Para a jornalista espanhola
Pilar Del Río, viúva do escritor português José Saramago
(1922-2010), a ideia de que
"por trás de todo grande homem, há sempre uma grande
mulher" tem caído como
uma luva.
Após a morte do escritor,
em 18 de junho deste ano,
Del Río não apenas tem feito
jus à frase como assumiu o legado deixado pelo Prêmio
Nobel de literatura.
É essa personalidade que o
documentário "José & Pilar"
-de Miguel Gonçalves Mendes, em cartaz na Mostra de
Cinema de SP e previsto para
estrear no dia 5 de novembro
(leia mais ao lado)- espia. É
sobre isso que Del Rio fala à
Folha na entrevista a seguir.
Por que vocês aceitaram ter
uma câmera a segui-los? O
quanto essa "intrusa" mudou
a rotina do casal?
Pilar Del Río - A câmera
não mudou nossa vida. Decidimos ignorá-la. Além do
mais, ela não estava conosco
durante 24 horas, apenas registrou o dia a dia de um escritor. A virtude do filme é
mostrar que o trabalho do escritor, solitário em sua casa,
não é incompatível com a militância cívica.

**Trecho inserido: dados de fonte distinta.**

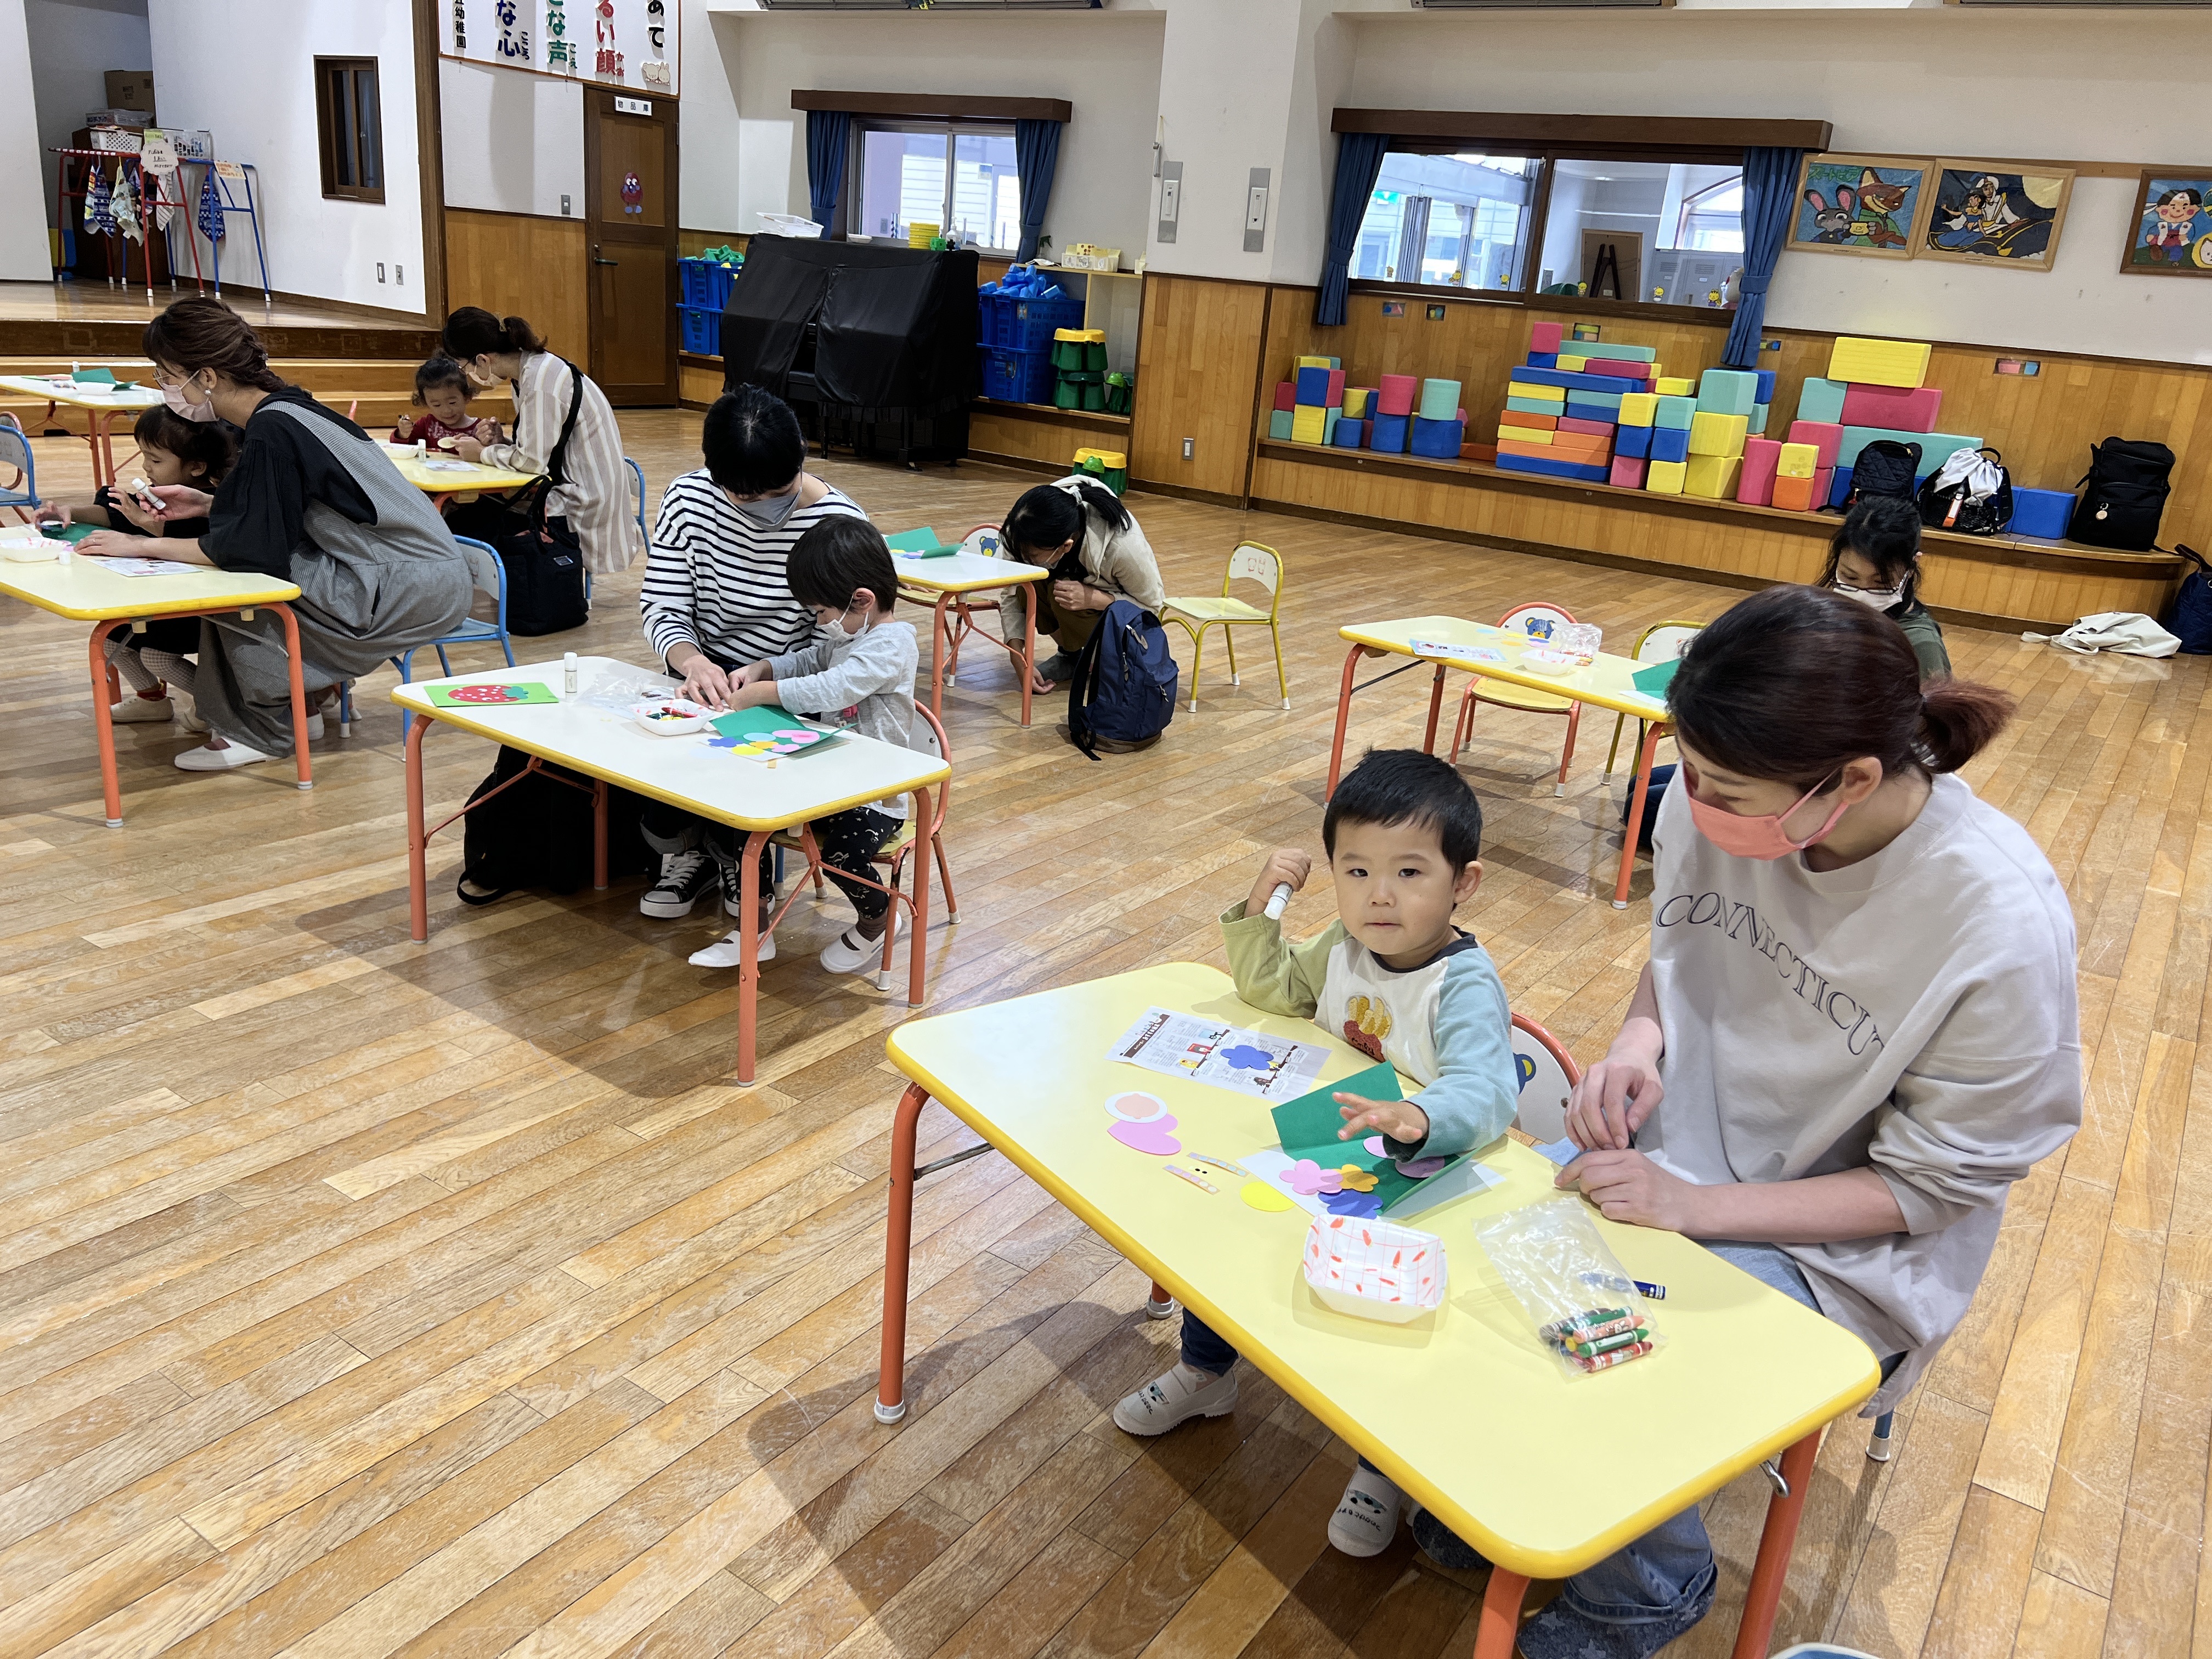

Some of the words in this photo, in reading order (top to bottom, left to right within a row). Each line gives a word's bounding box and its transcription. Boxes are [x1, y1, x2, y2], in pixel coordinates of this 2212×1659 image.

[521, 31, 530, 60] こころ
[569, 43, 578, 69] こえ
[616, 52, 624, 77] かお
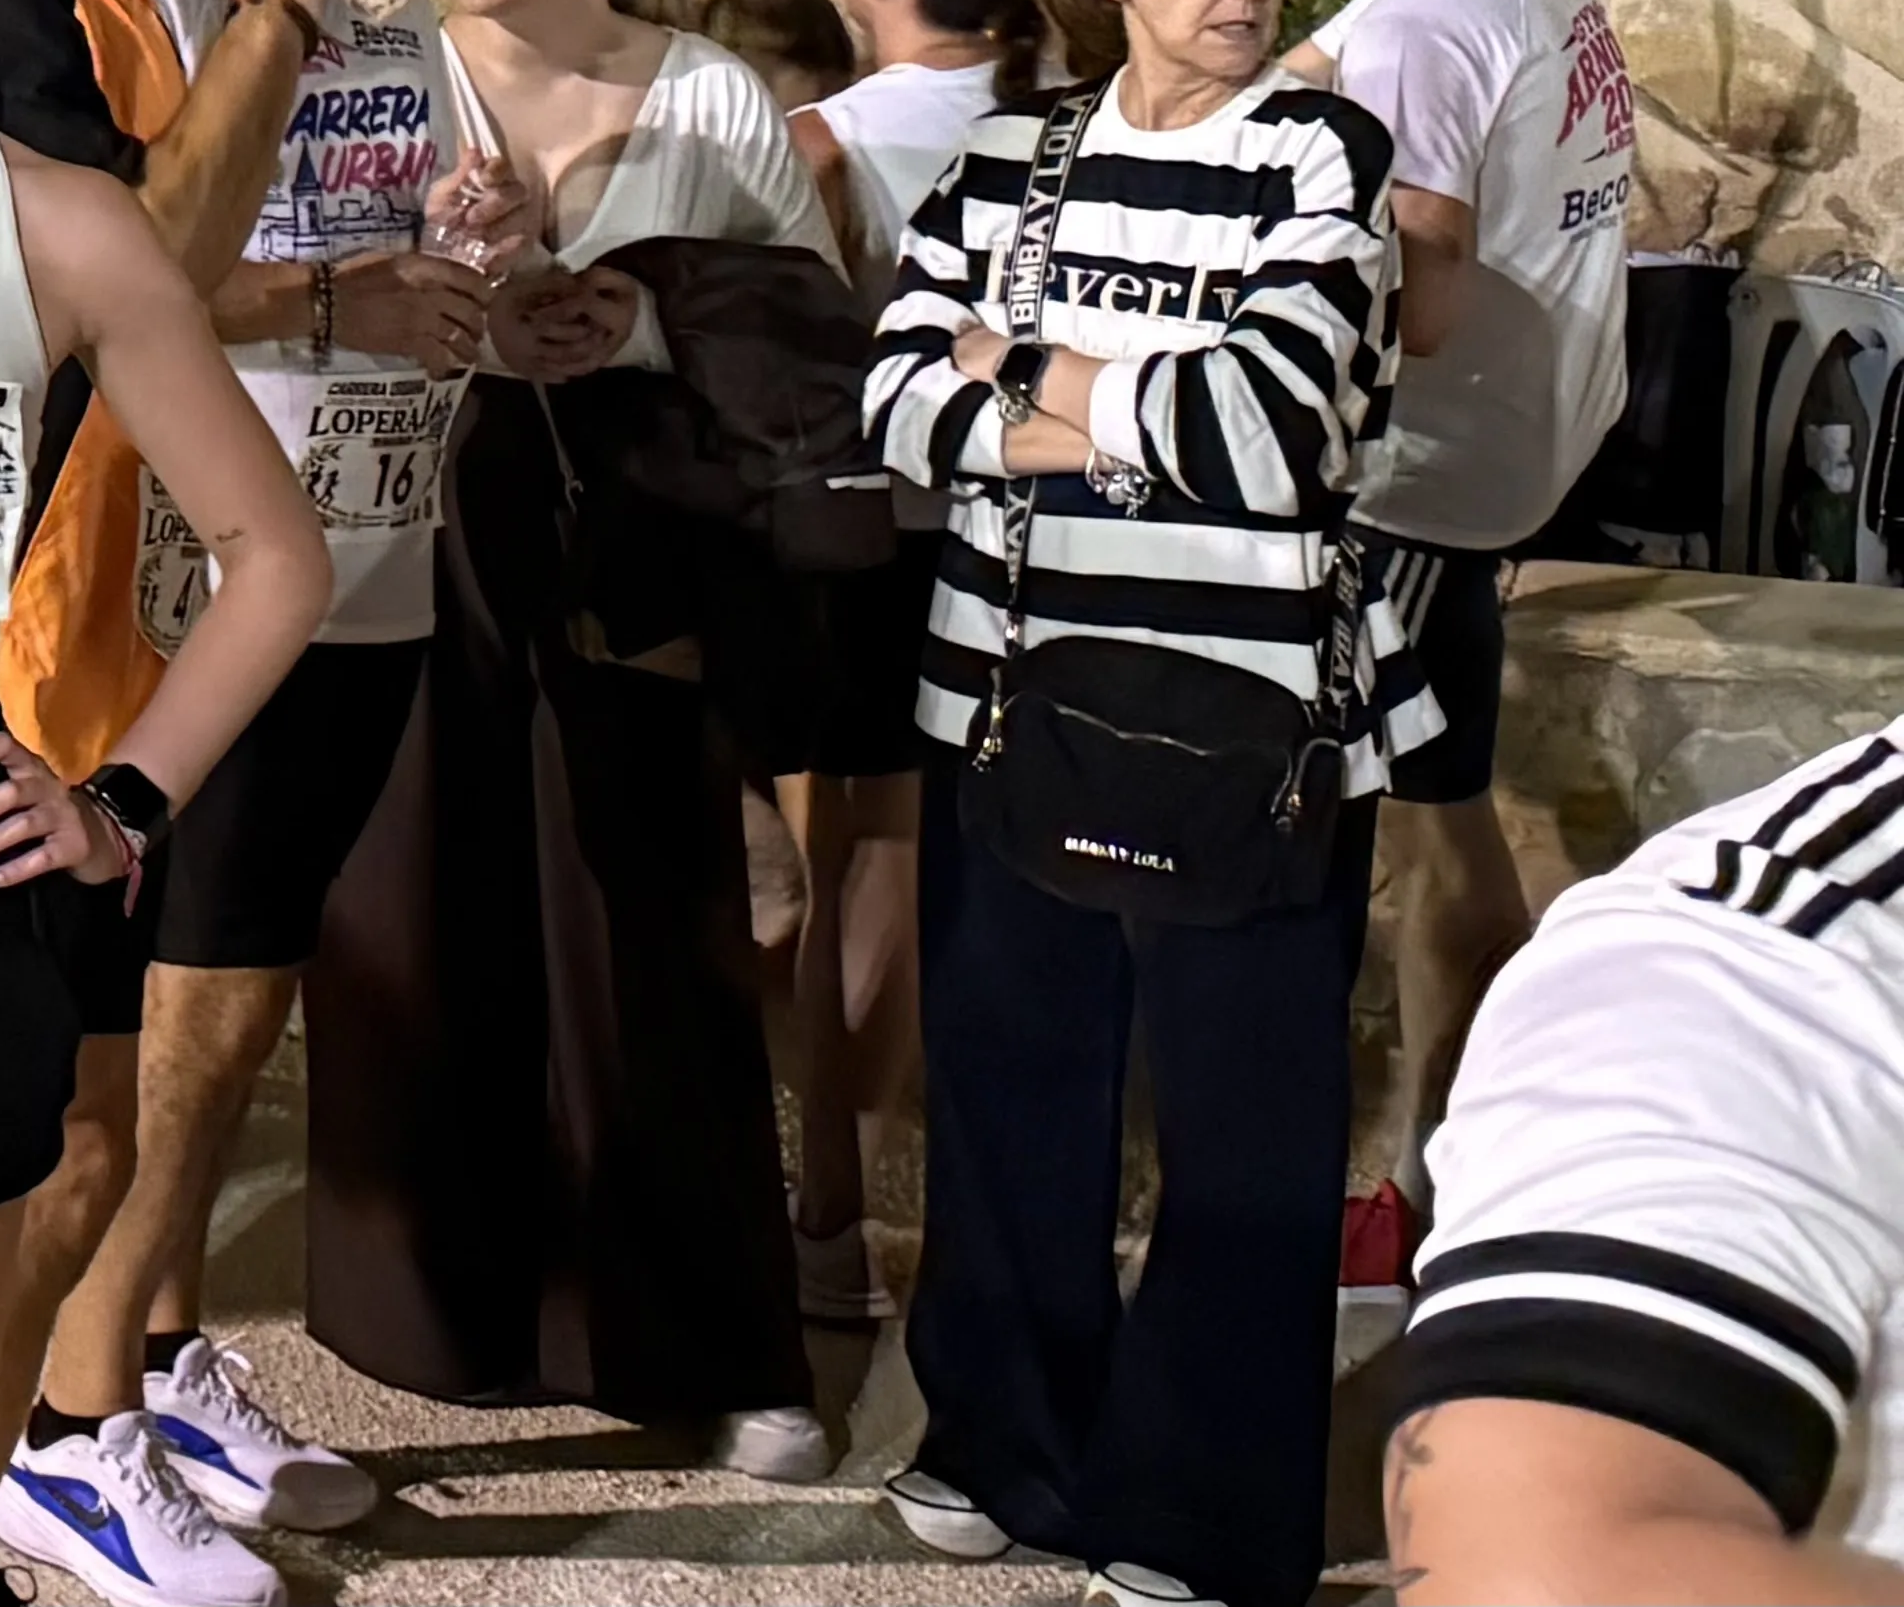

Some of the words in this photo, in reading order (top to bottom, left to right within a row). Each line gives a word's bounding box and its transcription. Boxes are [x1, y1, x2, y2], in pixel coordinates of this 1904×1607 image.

[284, 84, 430, 146] ARRERA
[321, 140, 437, 195] URBAN
[1558, 173, 1630, 231] Beco
[306, 406, 419, 438] LOPERA
[373, 450, 417, 509] 16
[172, 565, 196, 627] 4

O que significa dedicar-se a
um casamento?
Nem Saramago deixou de
fazer seu trabalho por estar
casado com Pilar nem Pilar
deixou de fazer o seu. Éramos maduros o bastante para saber manter nosso próprio espaço. Mas podíamos
dividir muito porque éramos
ambos leitores vorazes, militantes cívicos e políticos, tínhamos um mesmo estilo de
vida. Vivemos uma vida de
generosidade.
O filme nos passa a sensação
de que, às vezes, ele cumpria
compromissos contra a vontade, seguindo agendas que a
senhora tinha feito.
Acho que o filme mostra
que as agendas eram feitas
em comum acordo. E, se alguém punha freios, era eu,
porque ele, com sua curiosidade e generosidade, dizia
sim a tudo sobre o papel. Mas
quando chegava a hora de
cumprir... Muitos encontros
eram penosos.
O filme desfaz a fama de homem difícil e pessimista.
Quem não teve acesso a
Saramago diz que ele era
uma pessoa difícil. Quem
conviveu com ele sabe que
era um homem afável e generoso. Tampouco era pessimista, era um intelectual que
observava o mundo e via que
nós estamos sendo conduzidos ao abismo.
Como têm sido os dias sem
ele?
Tenho um trabalho a fazer,
uma urgência que é maior do
que toda saudade possível.
Saramago, no filme, diz que
eu devo continuá-lo. Dedico
à Fundação Saramago todo o
meu tempo e o meu amor.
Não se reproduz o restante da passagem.